Androgen receptor gene amplification increases tissue PSA protein expression in hormone-refractory prostate carcinoma

• Published in: The Journal of pathology Vol. 189; no. 2; pp. 219 - 223
• Main Authors: Koivisto, Pasi A., Helin, Heikki J.
• Format: Journal Article
• Language: English
• Published: Chichester, UK John Wiley & Sons, Ltd 01.10.1999; Wiley
• Subjects: androgen receptor gene; androgen regulation; Biological and medical sciences; Biomarkers, Tumor - metabolism; Gene Amplification; hormonal therapy; hormone refractory; Humans; Immunoenzyme Techniques; In Situ Hybridization, Fluorescence; Male; Medical sciences; Neoplasm Recurrence, Local - genetics; Neoplasm Recurrence, Local - metabolism; Neoplasm Recurrence, Local - therapy; Nephrology. Urinary tract diseases; prostate-specific antigen; Prostate-Specific Antigen - metabolism; Prostatic Neoplasms - genetics; Prostatic Neoplasms - metabolism; Prostatic Neoplasms - therapy; Receptors, Androgen - genetics; Treatment Failure; Tumors of the urinary system; Urinary tract. Prostate gland; Adenocarcinoma; Human; Immunohistochemistry; Deprivation; Urinary system disease; Prostate disease; Androgen; Male; Malignant tumor; Prostate specific antigen; Pathology; Gene amplification; Fluorescence in situ hybridization; Molecular biology; Sex steroid hormone; Male genital diseases; Prostate; Negative therapeutic reaction; Hormonal receptor
• ISSN: 0022-3417; 1096-9896
• DOI: 10.1002/(SICI)1096-9896(199910)189:2<219::AID-PATH423>3.0.CO;2-F

Androgen receptor (AR) gene amplification was analysed by fluorescence in situ hybridization (FISH) from 24 paraffin‐embedded prostate carcinoma samples recurring locally during hormonal therapy and prostate‐specific antigen (PSA) expression from 15/24 of these samples was studied by immunohistochemistry (IHC).

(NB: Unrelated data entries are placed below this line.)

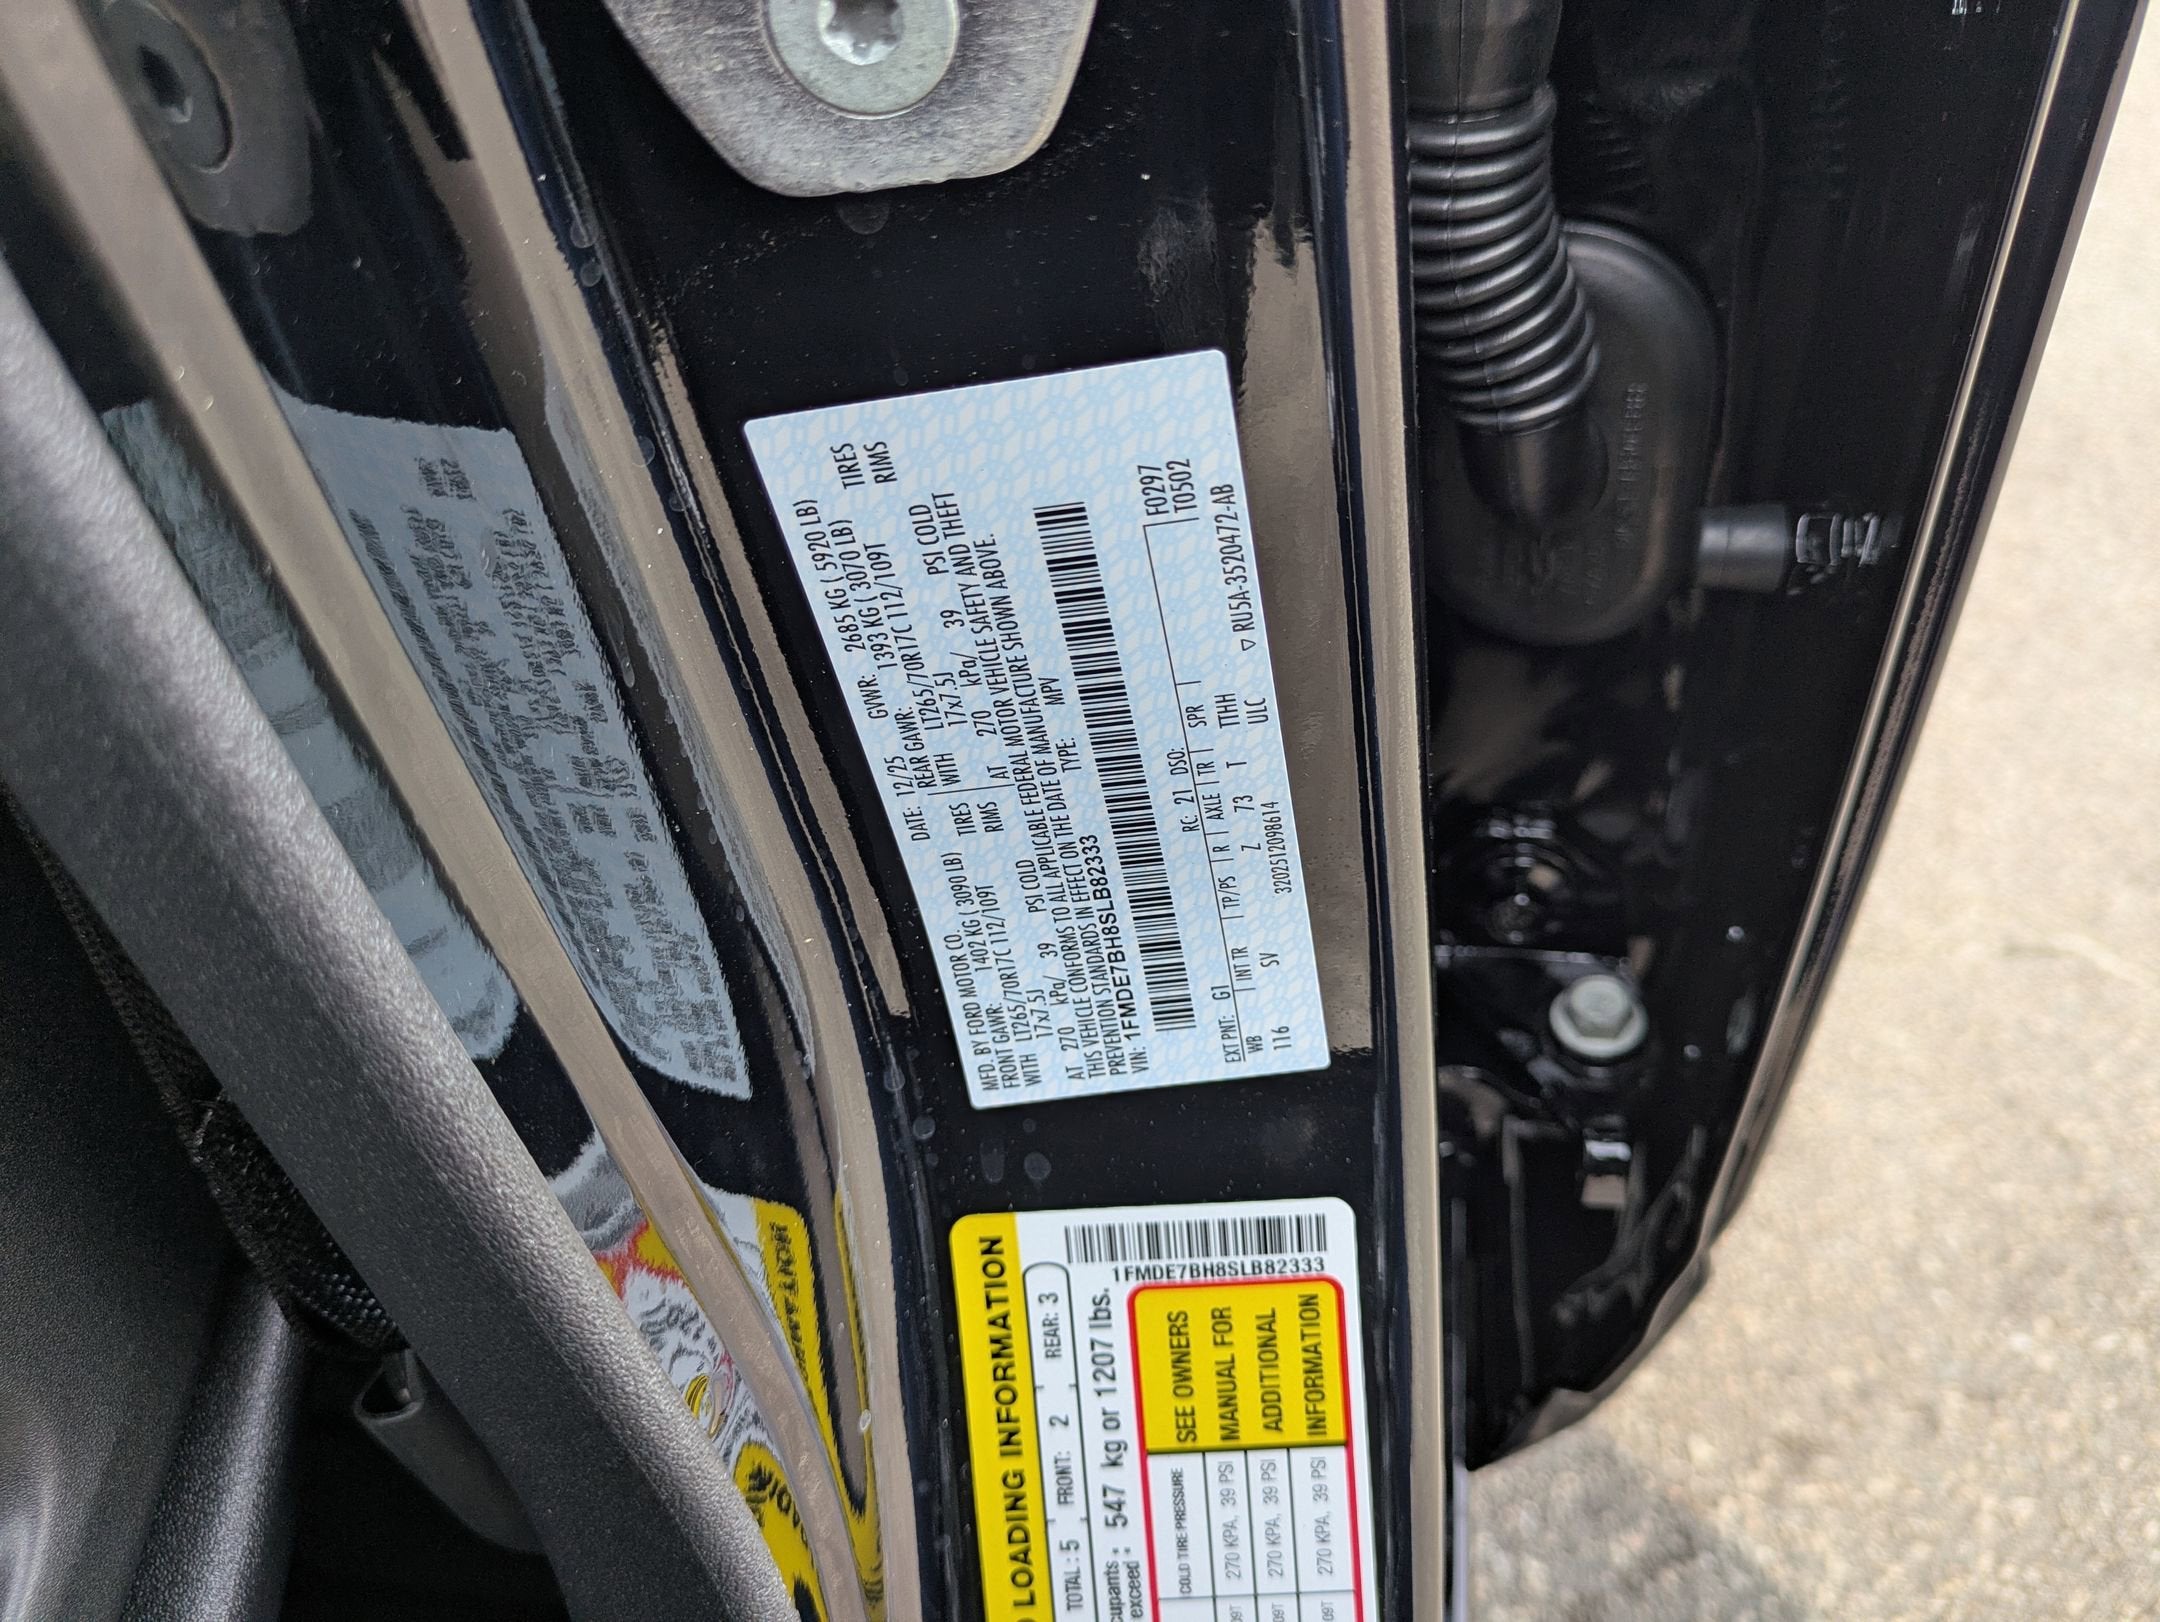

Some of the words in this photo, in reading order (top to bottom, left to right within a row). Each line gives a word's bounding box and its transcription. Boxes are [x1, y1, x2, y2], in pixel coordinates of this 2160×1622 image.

[829, 442, 866, 490] TIRES
[862, 441, 898, 484] RIMS
[1136, 464, 1170, 516] F0297
[1165, 458, 1198, 514] T0502
[792, 499, 822, 526] LB)
[907, 504, 940, 546] COLD
[930, 492, 966, 540] THEFT
[826, 519, 856, 546] LB)
[803, 530, 838, 571] 5920
[921, 550, 950, 575] PSI
[947, 543, 978, 576] AND
[972, 533, 1008, 590] ABOVE.
[1209, 483, 1255, 632] RU5A-3520472-AB
[838, 550, 872, 592] 3070
[862, 543, 908, 620] 112/109T
[824, 588, 851, 610] KG
[957, 582, 993, 634] SAFETY
[833, 613, 867, 653] 2685
[857, 606, 884, 629] KG
[939, 609, 965, 629] 39
[988, 594, 1024, 651] SHOWN
[866, 632, 898, 670] 1393
[974, 637, 1010, 696] VEHICLE
[889, 623, 945, 732] LT265/70R17C
[949, 651, 983, 687] kPa/
[856, 673, 889, 719] GVWR:
[931, 671, 968, 727] 17x7.5J
[1005, 654, 1053, 755] MANUFACTURE
[1037, 677, 1066, 706] MPV
[970, 709, 998, 737] 270
[992, 697, 1026, 747] MOTOR
[1184, 704, 1207, 728] SPR
[1213, 692, 1241, 729] TTHH
[1243, 697, 1269, 725] ULC
[893, 706, 925, 752] GAWR:
[908, 754, 938, 789] REAR
[932, 752, 962, 786] WITH
[1033, 759, 1058, 776] OF
[1054, 737, 1082, 773] TYPE:
[1195, 760, 1216, 777] TR
[1225, 761, 1247, 769] T
[883, 755, 916, 797] 12/25
[986, 765, 1010, 779] AT
[1007, 749, 1041, 806] FEDERAL
[1039, 778, 1067, 812] DATE
[1171, 789, 1195, 805] 21
[1201, 792, 1225, 820] AXLE
[1231, 794, 1255, 813] 73
[902, 805, 931, 841] DATE:
[948, 802, 977, 837] TIRES
[976, 801, 1004, 833] RIMS
[1048, 814, 1074, 839] THE
[1179, 814, 1200, 832] RC:
[1023, 808, 1062, 879] APPLICABLE
[1056, 840, 1079, 859] ON
[1211, 844, 1231, 853] R
[1240, 842, 1262, 852] Z
[1259, 801, 1292, 894] 3202512098614
[940, 852, 965, 872] LB)
[1014, 859, 1041, 891] COLD
[947, 875, 975, 907] 3090
[1044, 881, 1068, 903] ALL
[1061, 863, 1091, 903] EFFECT
[1217, 875, 1241, 910] TP/PS
[973, 885, 1009, 945] 112/109T
[1024, 893, 1047, 913] PSI
[1050, 906, 1072, 924] TO
[1073, 906, 1095, 920] IN
[943, 929, 964, 951] CO.
[961, 919, 984, 937] KG
[1078, 834, 1141, 1041] 1FMDE7BH8SLB82333
[967, 939, 993, 972] 1402
[1036, 942, 1058, 959] 39
[1055, 925, 1088, 993] CONFORMS
[1077, 922, 1112, 996] STANDARDS
[1230, 946, 1249, 961] TR
[1258, 952, 1280, 968] SV
[948, 953, 978, 998] MOTOR
[1232, 963, 1252, 981] INT
[987, 948, 1038, 1042] LT265/70R17C
[1042, 975, 1069, 1006] kPa/
[1210, 984, 1231, 1001] G1
[962, 1001, 987, 1036] FORD
[984, 1002, 1010, 1044] GAWR:
[1024, 988, 1054, 1039] 17x7.5J
[1072, 996, 1100, 1047] VEHICLE
[1217, 1014, 1238, 1040] PNT:
[970, 1040, 992, 1056] BY
[1056, 1026, 1079, 1052] 270
[1095, 998, 1128, 1076] PREVENTION
[1222, 1042, 1244, 1063] EXT
[1245, 1035, 1263, 1054] WB
[1270, 1025, 1292, 1050] 116
[977, 1059, 999, 1091] MFD.
[994, 1048, 1021, 1089] FRONT
[1018, 1053, 1042, 1087] WITH
[1065, 1066, 1085, 1080] AT
[1083, 1050, 1106, 1078] THIS
[1128, 1046, 1149, 1073] VIN:
[1112, 1257, 1326, 1282] 1FMDE7BH8SLB82333
[1038, 1293, 1058, 1304] 3
[1088, 1288, 1112, 1330] lbs.
[1042, 1313, 1062, 1358] REAR:
[1210, 1307, 1233, 1347] FOR
[980, 1235, 1023, 1457] INFORMATION
[1167, 1311, 1194, 1398] OWNERS
[1089, 1337, 1118, 1397] 1207
[1255, 1308, 1283, 1432] ADDITIONAL
[1298, 1294, 1327, 1436] INFORMATION
[1214, 1354, 1240, 1441] MANUAL
[1049, 1415, 1069, 1428] 2
[1099, 1408, 1120, 1430] or
[1175, 1406, 1197, 1442] SEE
[1098, 1441, 1127, 1467] kg
[1260, 1459, 1277, 1481] PSI
[1310, 1457, 1327, 1478] PSI
[1054, 1451, 1075, 1505] FRONT:
[1217, 1461, 1234, 1483] PSI
[1102, 1485, 1129, 1528] 547
[1171, 1468, 1187, 1529] PRESSURE
[1220, 1488, 1236, 1506] 39
[1262, 1486, 1279, 1504] 39
[1312, 1484, 1328, 1502] 39
[1001, 1470, 1037, 1606] LOADING
[1059, 1540, 1079, 1551] 5
[1176, 1532, 1189, 1559] TIRE
[1178, 1563, 1191, 1594] COLD
[1224, 1552, 1241, 1579] 270
[1267, 1551, 1283, 1577] 270
[1316, 1549, 1333, 1575] 270
[1122, 1561, 1143, 1618] exceed

AR gene amplification was detected in 29 per cent (7/24) of the recurrent tumours. Using modified Histoscore (MHS), PSA immunostaining in the AR gene‐amplified tumours (133±102) was twice as high ( p=0·054) as in tumours with no amplification (66±79) and a statistically significant ( p=0·026) association between AR gene amplification and PSA positivity was found when MHS≥20 was considered positive for PSA. AR gene copy number was positively correlated with PSA MHS in the AR gene‐amplified tumours ( r=0·893, p=0·012). Histological grade, Gleason's score, and tumour stage did not differ significantly between patients with and without AR gene amplification. In conclusion, these results indicate that AR gene amplification leads to up‐regulation of PSA gene (and possibly other androgen‐dependent genes), and that patients with AR gene amplification may have elevated serum PSA concentrations without a clear correlation with actual tumour burden. Copyright © 1999 John Wiley & Sons, Ltd.